[Start of section]
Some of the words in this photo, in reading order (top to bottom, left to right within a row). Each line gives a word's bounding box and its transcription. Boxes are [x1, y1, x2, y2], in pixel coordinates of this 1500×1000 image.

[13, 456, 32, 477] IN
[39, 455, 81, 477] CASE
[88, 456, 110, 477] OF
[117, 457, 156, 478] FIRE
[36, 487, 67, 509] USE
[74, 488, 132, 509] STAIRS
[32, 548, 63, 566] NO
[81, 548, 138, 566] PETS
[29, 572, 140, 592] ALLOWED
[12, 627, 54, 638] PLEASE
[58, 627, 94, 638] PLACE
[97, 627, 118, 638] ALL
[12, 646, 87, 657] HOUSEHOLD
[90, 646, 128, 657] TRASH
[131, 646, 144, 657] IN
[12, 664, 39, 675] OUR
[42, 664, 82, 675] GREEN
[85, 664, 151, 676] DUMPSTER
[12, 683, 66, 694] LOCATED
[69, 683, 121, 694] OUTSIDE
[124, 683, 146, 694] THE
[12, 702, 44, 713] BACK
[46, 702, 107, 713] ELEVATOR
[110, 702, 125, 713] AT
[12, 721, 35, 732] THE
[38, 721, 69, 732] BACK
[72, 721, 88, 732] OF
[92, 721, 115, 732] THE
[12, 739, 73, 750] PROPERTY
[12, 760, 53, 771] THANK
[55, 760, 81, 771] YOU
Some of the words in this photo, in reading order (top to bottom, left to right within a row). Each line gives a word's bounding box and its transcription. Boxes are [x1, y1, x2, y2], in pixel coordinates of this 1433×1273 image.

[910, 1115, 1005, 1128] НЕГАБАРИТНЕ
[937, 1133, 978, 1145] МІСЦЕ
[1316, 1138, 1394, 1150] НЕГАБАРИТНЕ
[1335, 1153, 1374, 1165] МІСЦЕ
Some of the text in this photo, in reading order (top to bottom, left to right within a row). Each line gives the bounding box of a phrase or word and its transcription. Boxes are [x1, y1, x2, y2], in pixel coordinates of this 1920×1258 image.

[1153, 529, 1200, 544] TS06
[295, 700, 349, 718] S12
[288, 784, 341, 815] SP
[End of section]
TASK BRIEF: Would you please copy every line of the data exactly?

YOUR RESPONSE:
Some of the words in this photo, in reading order (top to bottom, left to right within a row). Each line gives a word's bounding box and its transcription. Boxes are [x1, y1, x2, y2], in pixel coordinates of this 1500×1000 image.

[13, 456, 32, 477] IN
[39, 455, 81, 477] CASE
[88, 456, 110, 477] OF
[117, 457, 156, 478] FIRE
[36, 487, 67, 509] USE
[74, 488, 132, 509] STAIRS
[32, 548, 63, 566] NO
[81, 548, 138, 566] PETS
[29, 572, 140, 592] ALLOWED
[12, 627, 54, 638] PLEASE
[58, 627, 94, 638] PLACE
[97, 627, 118, 638] ALL
[12, 646, 87, 657] HOUSEHOLD
[90, 646, 128, 657] TRASH
[131, 646, 144, 657] IN
[12, 664, 39, 675] OUR
[42, 664, 82, 675] GREEN
[85, 664, 151, 676] DUMPSTER
[12, 683, 66, 694] LOCATED
[69, 683, 121, 694] OUTSIDE
[124, 683, 146, 694] THE
[12, 702, 44, 713] BACK
[46, 702, 107, 713] ELEVATOR
[110, 702, 125, 713] AT
[12, 721, 35, 732] THE
[38, 721, 69, 732] BACK
[72, 721, 88, 732] OF
[92, 721, 115, 732] THE
[12, 739, 73, 750] PROPERTY
[12, 760, 53, 771] THANK
[55, 760, 81, 771] YOU
Some of the words in this photo, in reading order (top to bottom, left to right within a row). Each line gives a word's bounding box and its transcription. Boxes are [x1, y1, x2, y2], in pixel coordinates of this 1433×1273 image.

[910, 1115, 1005, 1128] НЕГАБАРИТНЕ
[937, 1133, 978, 1145] МІСЦЕ
[1316, 1138, 1394, 1150] НЕГАБАРИТНЕ
[1335, 1153, 1374, 1165] МІСЦЕ
Some of the text in this photo, in reading order (top to bottom, left to right within a row). Each line gives the bounding box of a phrase or word and its transcription. Boxes are [x1, y1, x2, y2], in pixel coordinates of this 1920×1258 image.

[1153, 529, 1200, 544] TS06
[295, 700, 349, 718] S12
[288, 784, 341, 815] SP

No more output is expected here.